* _INSTRUCTIONS FOR THE TASK_: For this exercise, retype each line of the material below verbatim and omit any picture.

* _RECORD SET_:
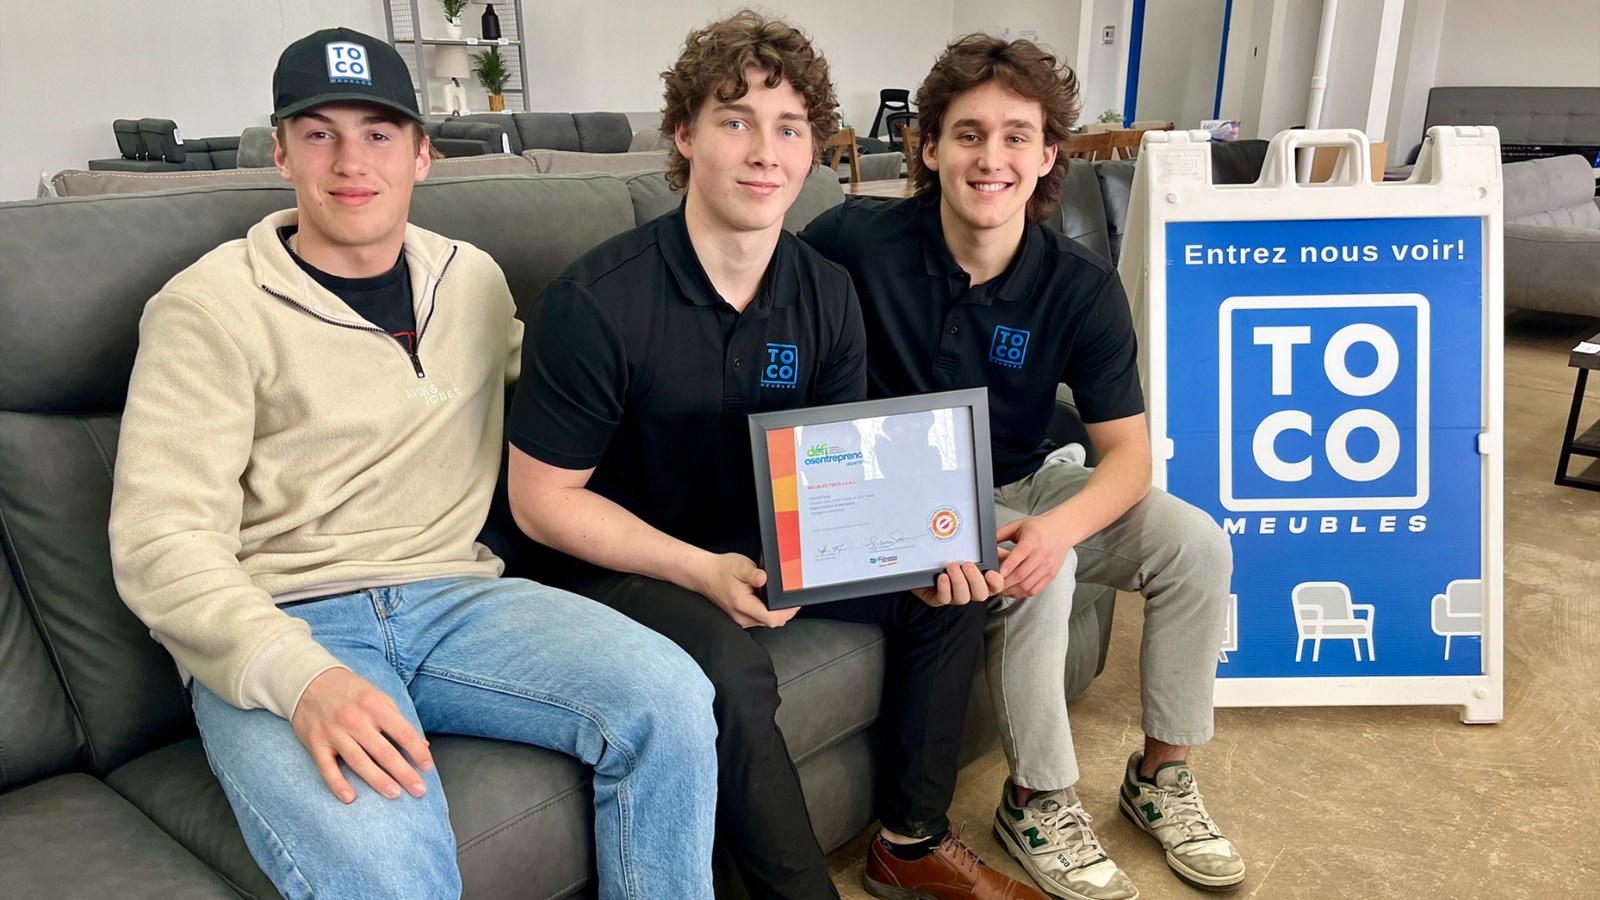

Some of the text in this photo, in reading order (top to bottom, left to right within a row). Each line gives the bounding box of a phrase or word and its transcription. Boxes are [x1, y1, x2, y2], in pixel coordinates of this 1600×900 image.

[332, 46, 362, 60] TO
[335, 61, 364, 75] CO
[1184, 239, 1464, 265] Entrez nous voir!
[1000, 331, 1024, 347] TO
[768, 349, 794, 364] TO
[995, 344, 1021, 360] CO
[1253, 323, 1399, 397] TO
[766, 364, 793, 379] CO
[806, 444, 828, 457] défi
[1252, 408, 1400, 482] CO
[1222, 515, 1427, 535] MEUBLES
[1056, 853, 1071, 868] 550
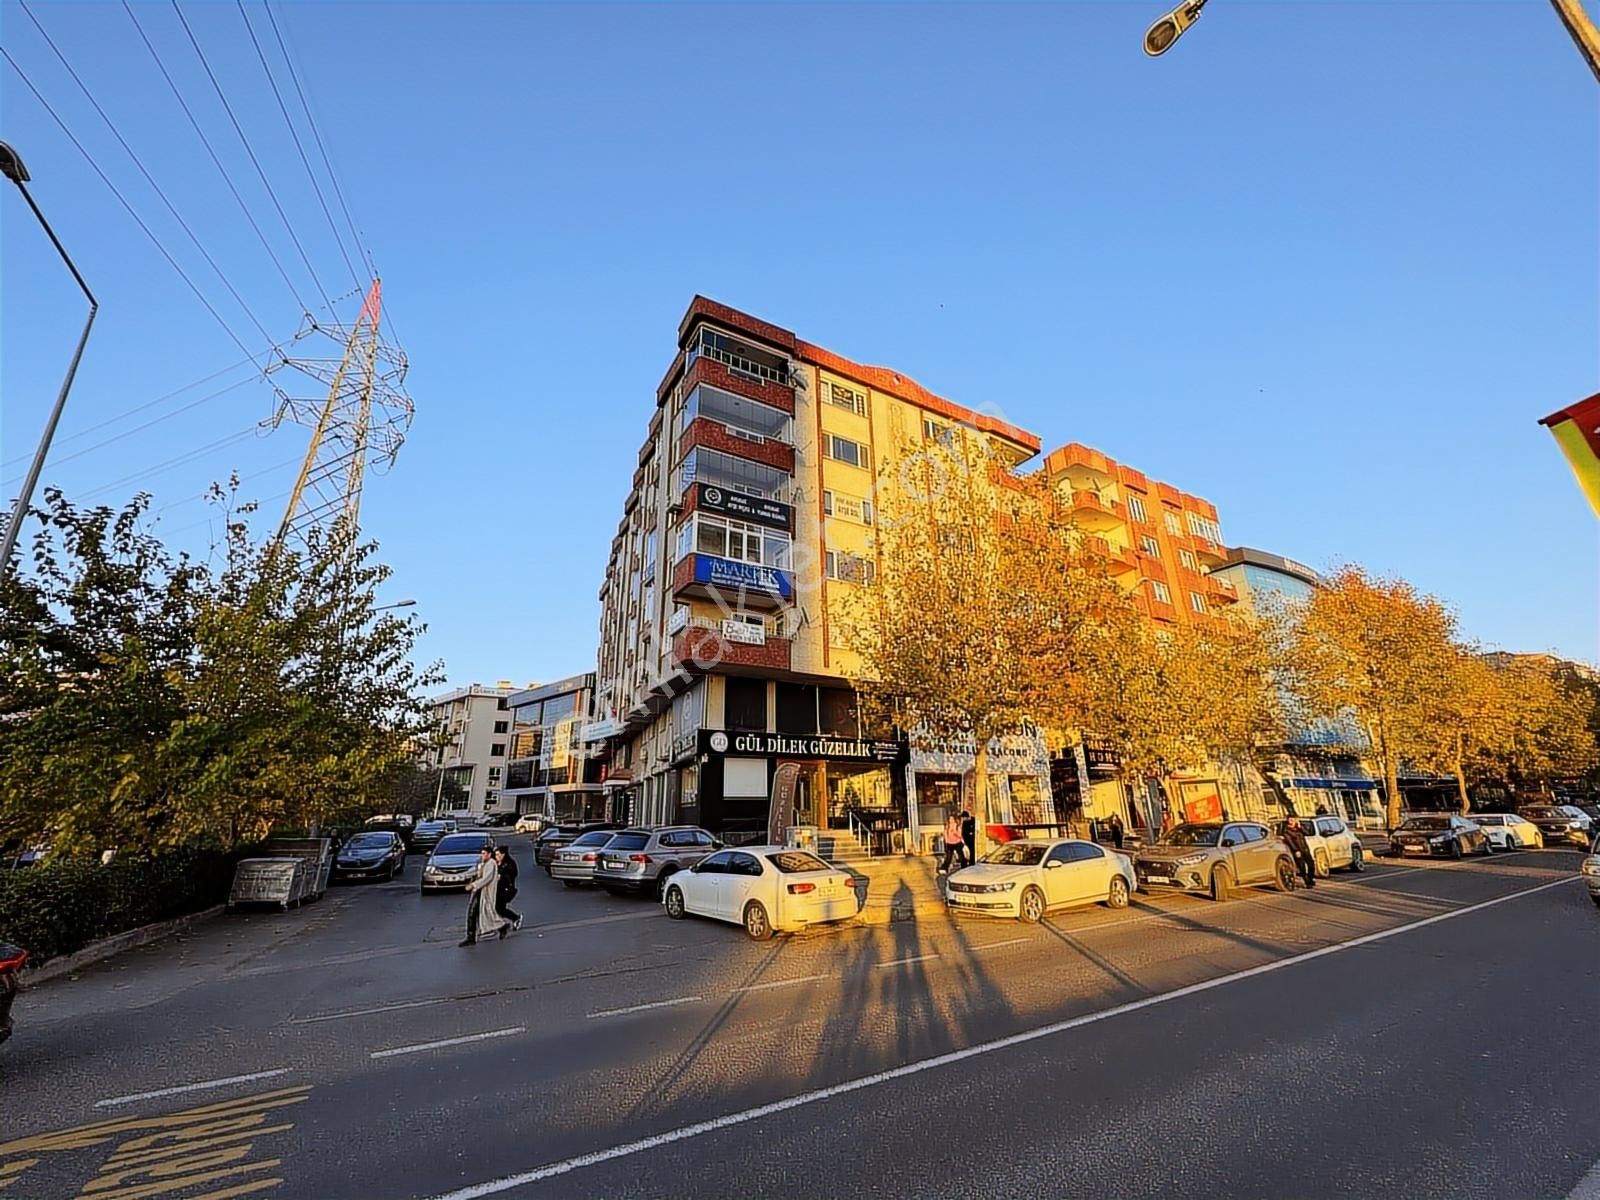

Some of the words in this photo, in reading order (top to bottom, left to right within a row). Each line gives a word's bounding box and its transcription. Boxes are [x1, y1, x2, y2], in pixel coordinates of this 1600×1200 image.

* _RESPONSE BELOW_:
Some of the text in this photo, in reading order (top to bottom, left to right within a row). Each line gives the bounding box of a phrase or word and its transcription. Boxes are [x1, y1, x2, y2], in pixel coordinates of this 1600×900 image.

[332, 46, 362, 60] TO
[335, 61, 364, 75] CO
[1184, 239, 1464, 265] Entrez nous voir!
[1000, 331, 1024, 347] TO
[768, 349, 794, 364] TO
[995, 344, 1021, 360] CO
[1253, 323, 1399, 397] TO
[766, 364, 793, 379] CO
[806, 444, 828, 457] défi
[1252, 408, 1400, 482] CO
[1222, 515, 1427, 535] MEUBLES
[1056, 853, 1071, 868] 550

Some of the words in this photo, in reading order (top to bottom, left to right within a row). Each line gives a word's bounding box and its transcription. Boxes are [x1, y1, x2, y2], in pixel coordinates of this 1600×1200 image.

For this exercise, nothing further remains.